An exact transcription of every entry is required, with the images left out.
━━━━
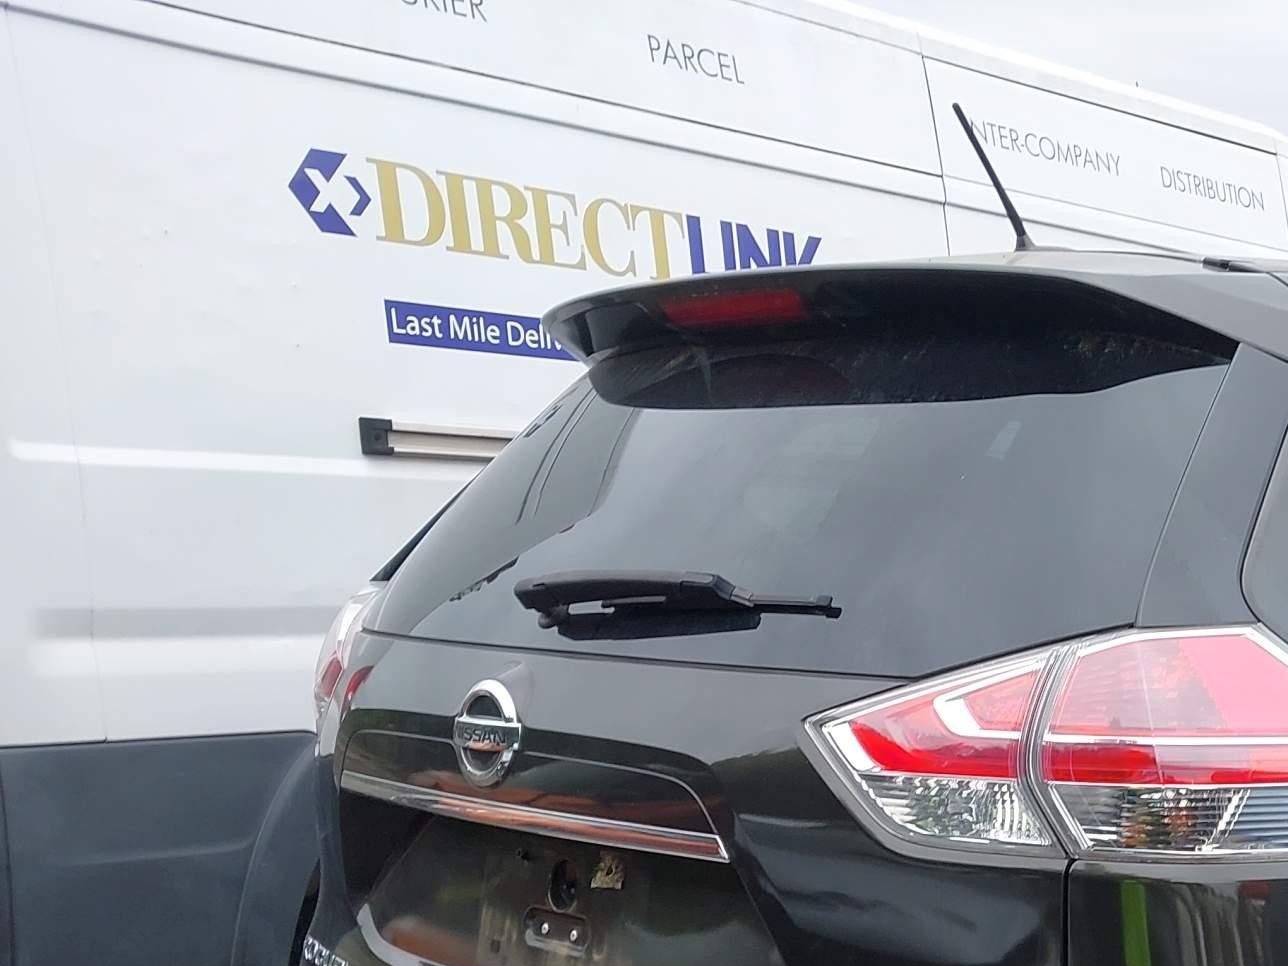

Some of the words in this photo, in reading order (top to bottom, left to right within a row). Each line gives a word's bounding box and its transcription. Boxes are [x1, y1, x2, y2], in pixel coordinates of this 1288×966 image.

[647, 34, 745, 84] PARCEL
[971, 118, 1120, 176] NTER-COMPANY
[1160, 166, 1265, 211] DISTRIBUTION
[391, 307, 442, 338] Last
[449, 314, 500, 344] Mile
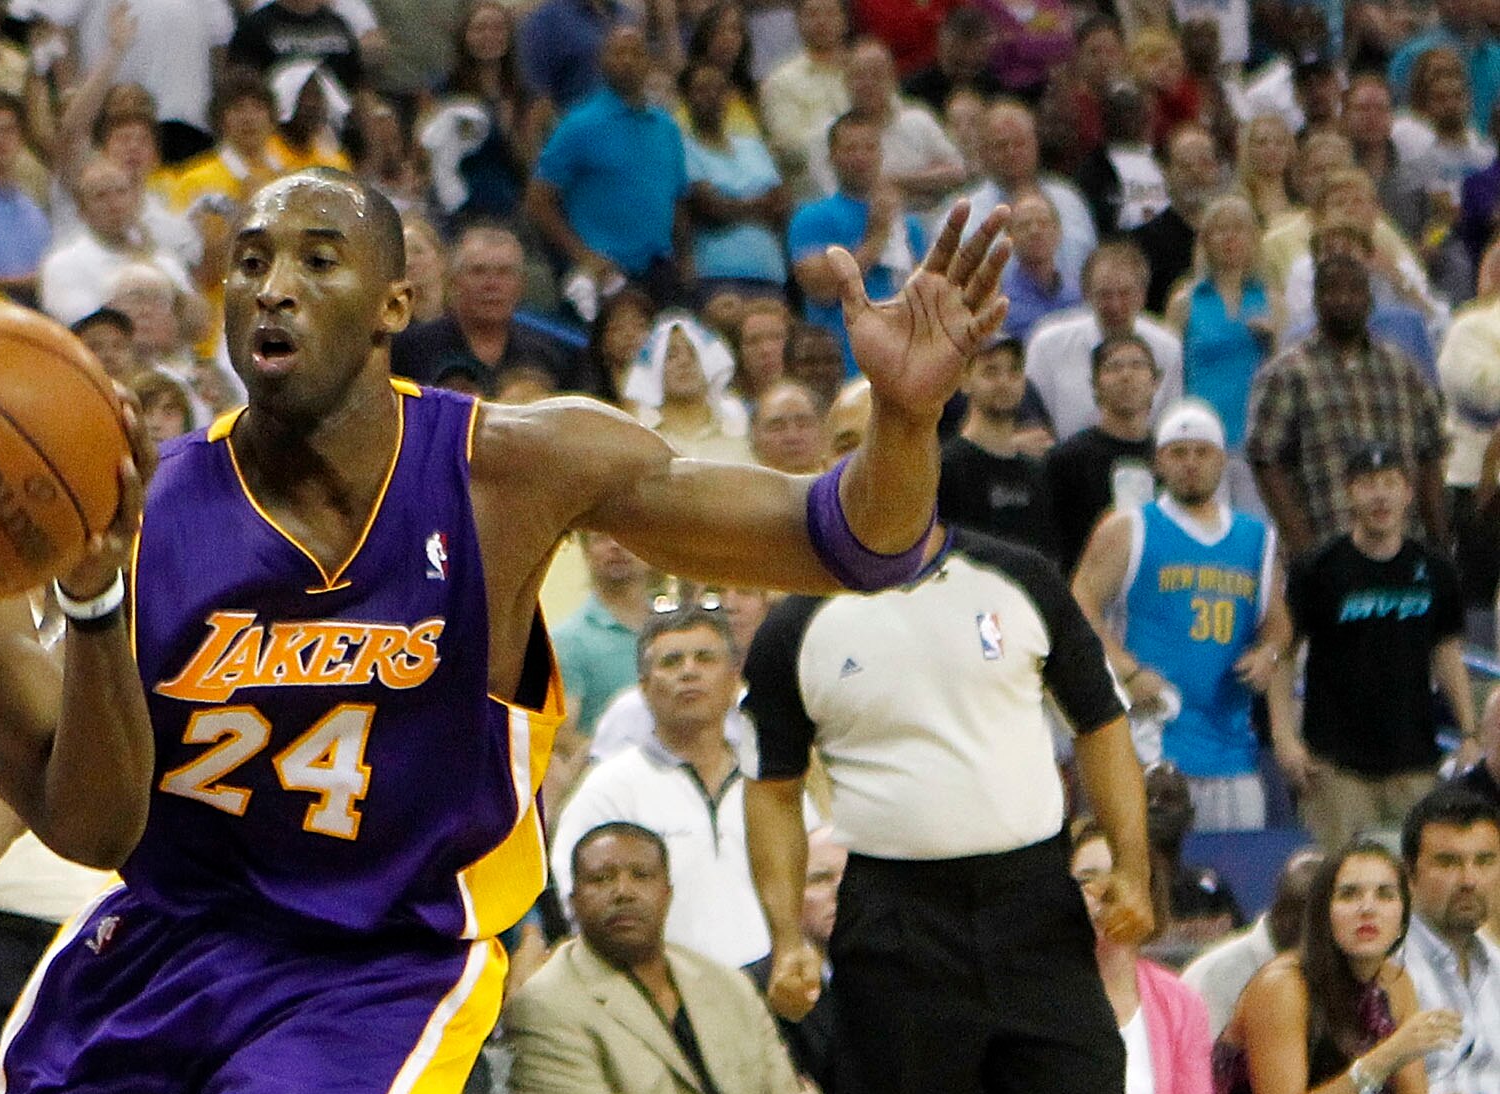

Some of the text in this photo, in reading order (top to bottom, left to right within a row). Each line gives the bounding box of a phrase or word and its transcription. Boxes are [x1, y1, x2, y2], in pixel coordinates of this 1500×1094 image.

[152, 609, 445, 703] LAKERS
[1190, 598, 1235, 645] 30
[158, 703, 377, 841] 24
━━━━
● **ANSWER SPACE**
Some of the words in this photo, in reading order (top to bottom, left to right within a row). Each line gives a word's bounding box and its transcription. Boxes are [x1, y1, x2, y2], in pixel coordinates of this 1288×966 image.

[647, 34, 745, 84] PARCEL
[971, 118, 1120, 176] NTER-COMPANY
[1160, 166, 1265, 211] DISTRIBUTION
[391, 307, 442, 338] Last
[449, 314, 500, 344] Mile

Some of the text in this photo, in reading order (top to bottom, left to right within a row). Each line gives the bounding box of a phrase or word and its transcription. Boxes are [x1, y1, x2, y2], in pixel coordinates of this 1500×1094 image.

[152, 609, 445, 703] LAKERS
[1190, 598, 1235, 645] 30
[158, 703, 377, 841] 24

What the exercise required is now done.